Exercise prompt:
Only an exact copy of the entries, stripped of pictures, will serve as the answer.

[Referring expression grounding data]
--- START ---

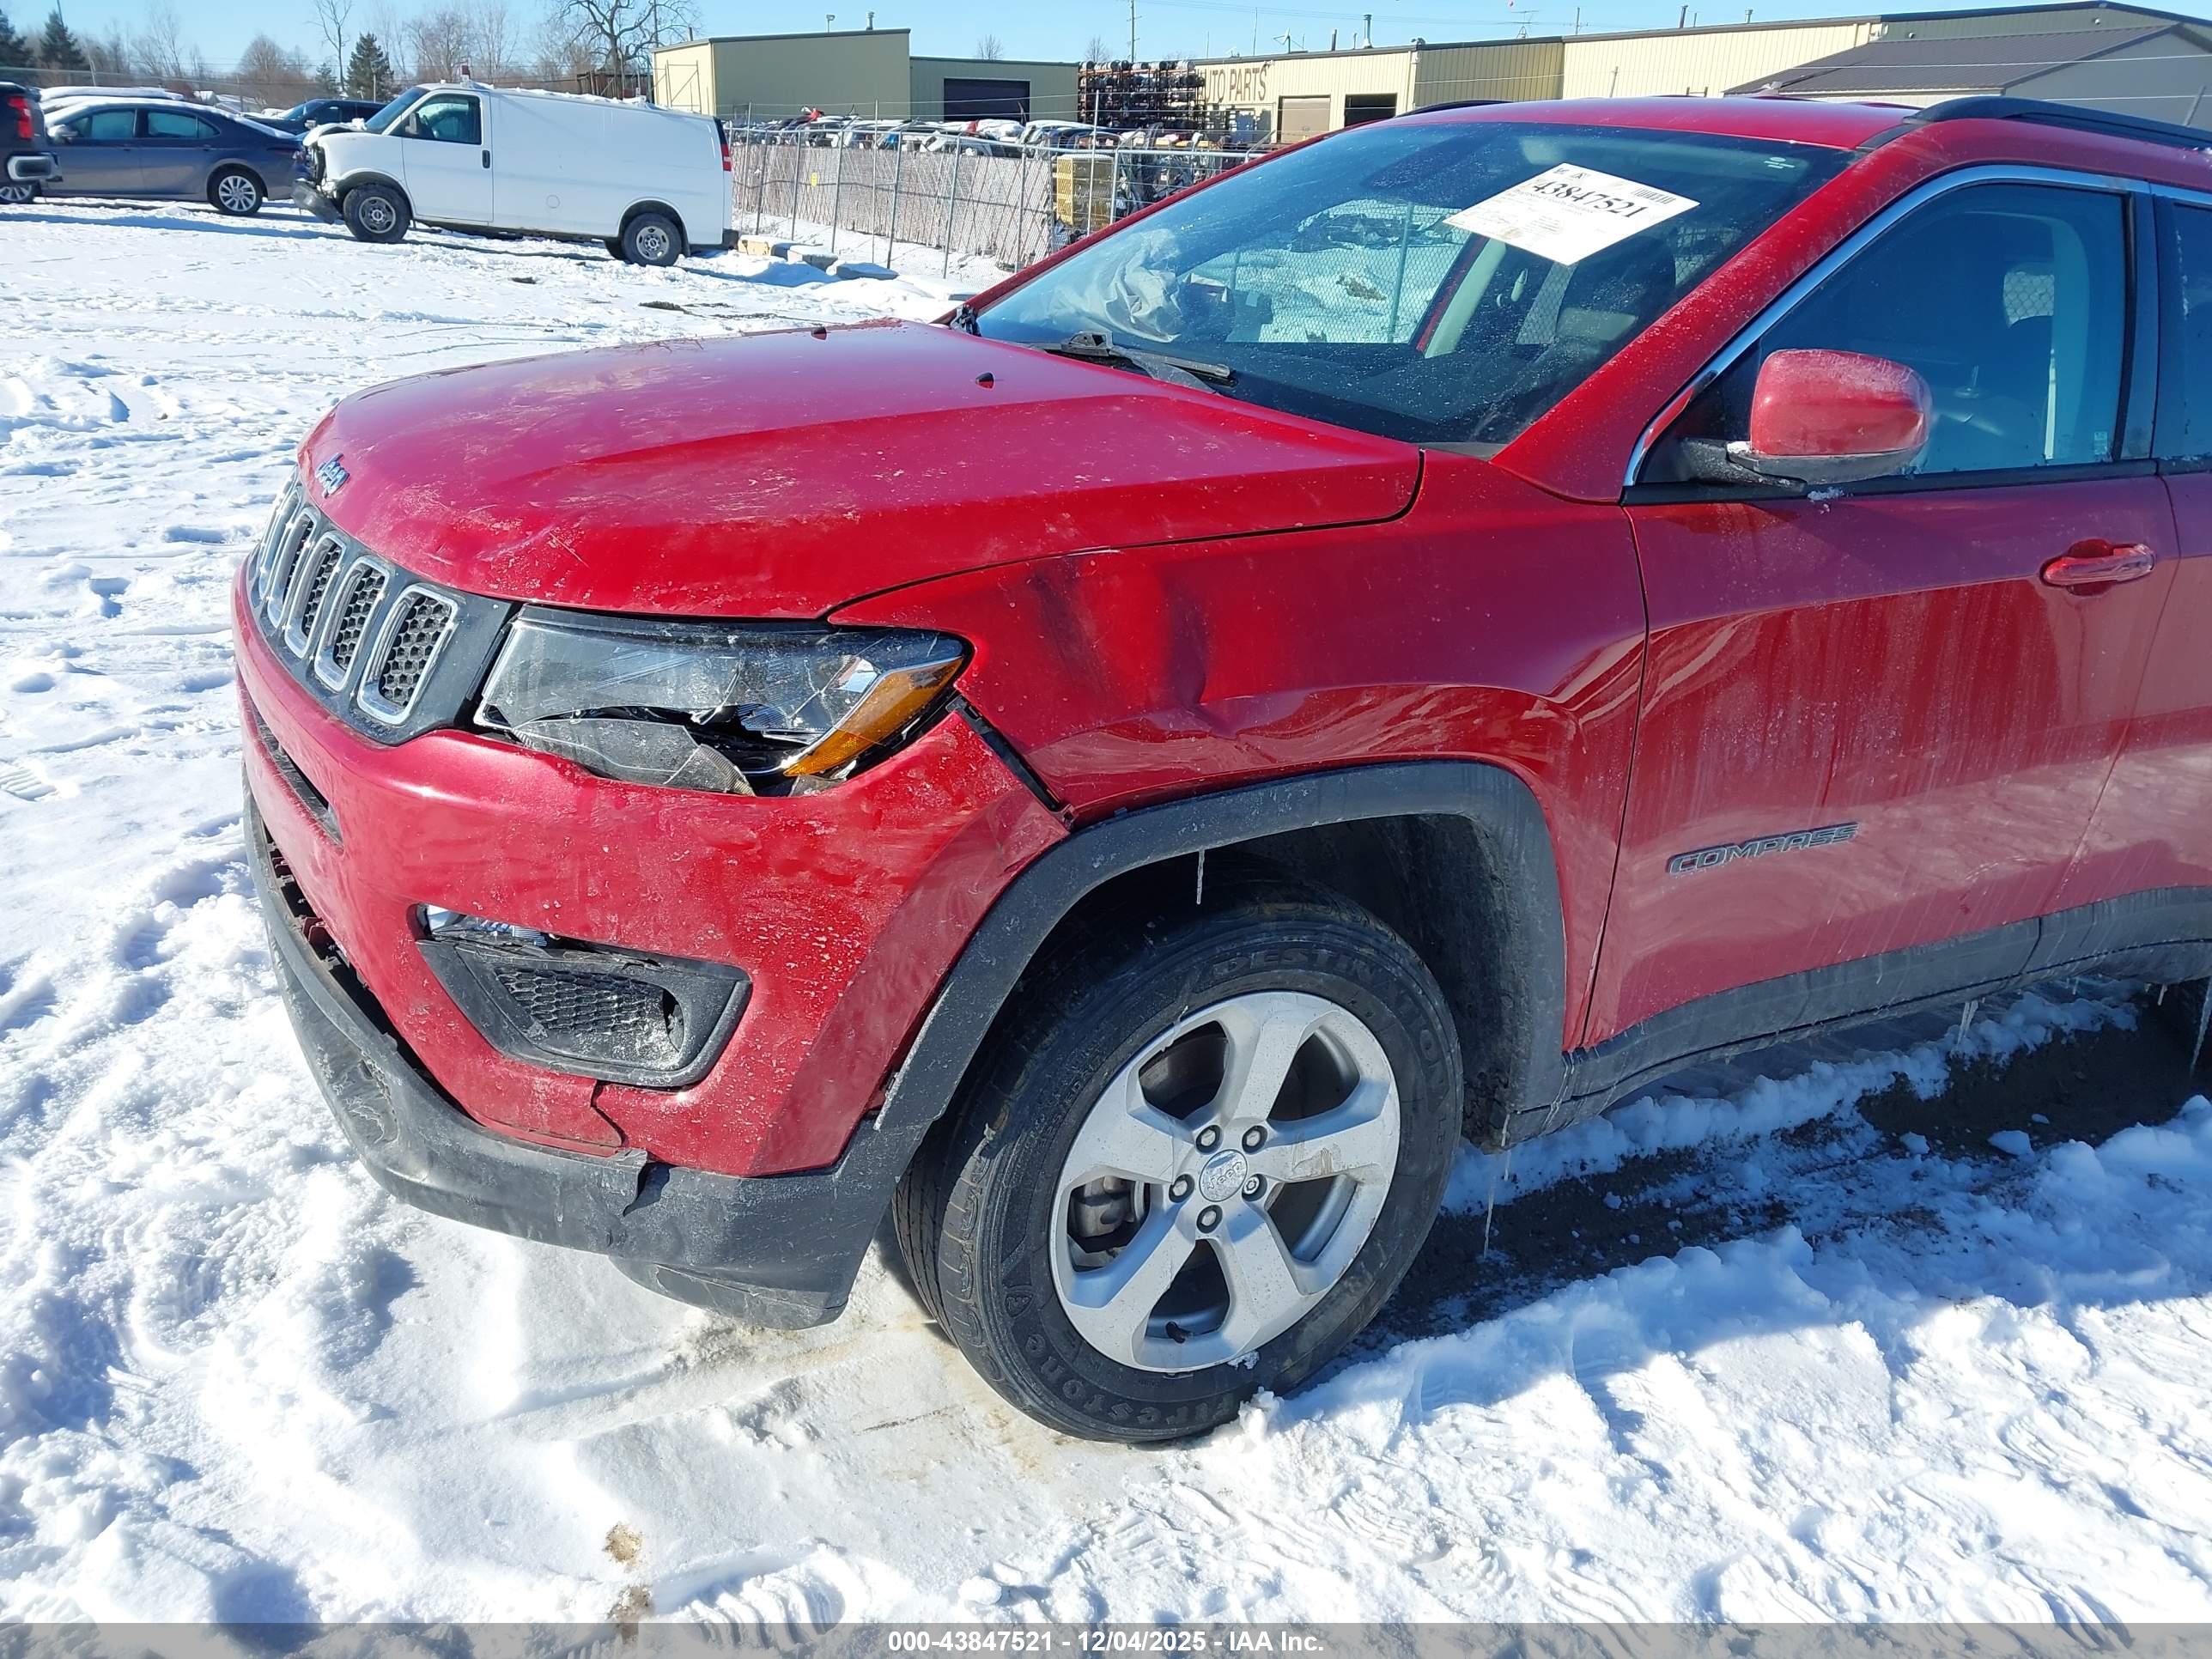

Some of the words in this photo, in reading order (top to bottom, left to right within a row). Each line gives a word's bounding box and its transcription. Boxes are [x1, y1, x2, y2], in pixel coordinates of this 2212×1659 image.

[1229, 65, 1267, 102] PARTS
[1532, 180, 1649, 218] 43847521
[1666, 822, 1859, 874] COMPASS
[1206, 1161, 1243, 1190] Jeep

--- END ---

Task solution:
Some of the words in this photo, in reading order (top to bottom, left to right within a row). Each line gives a word's bounding box and its transcription. Boxes are [x1, y1, x2, y2], in pixel coordinates of this 2212×1659 image.

[1229, 65, 1267, 102] PARTS
[1532, 180, 1649, 218] 43847521
[1666, 822, 1859, 874] COMPASS
[1206, 1161, 1243, 1190] Jeep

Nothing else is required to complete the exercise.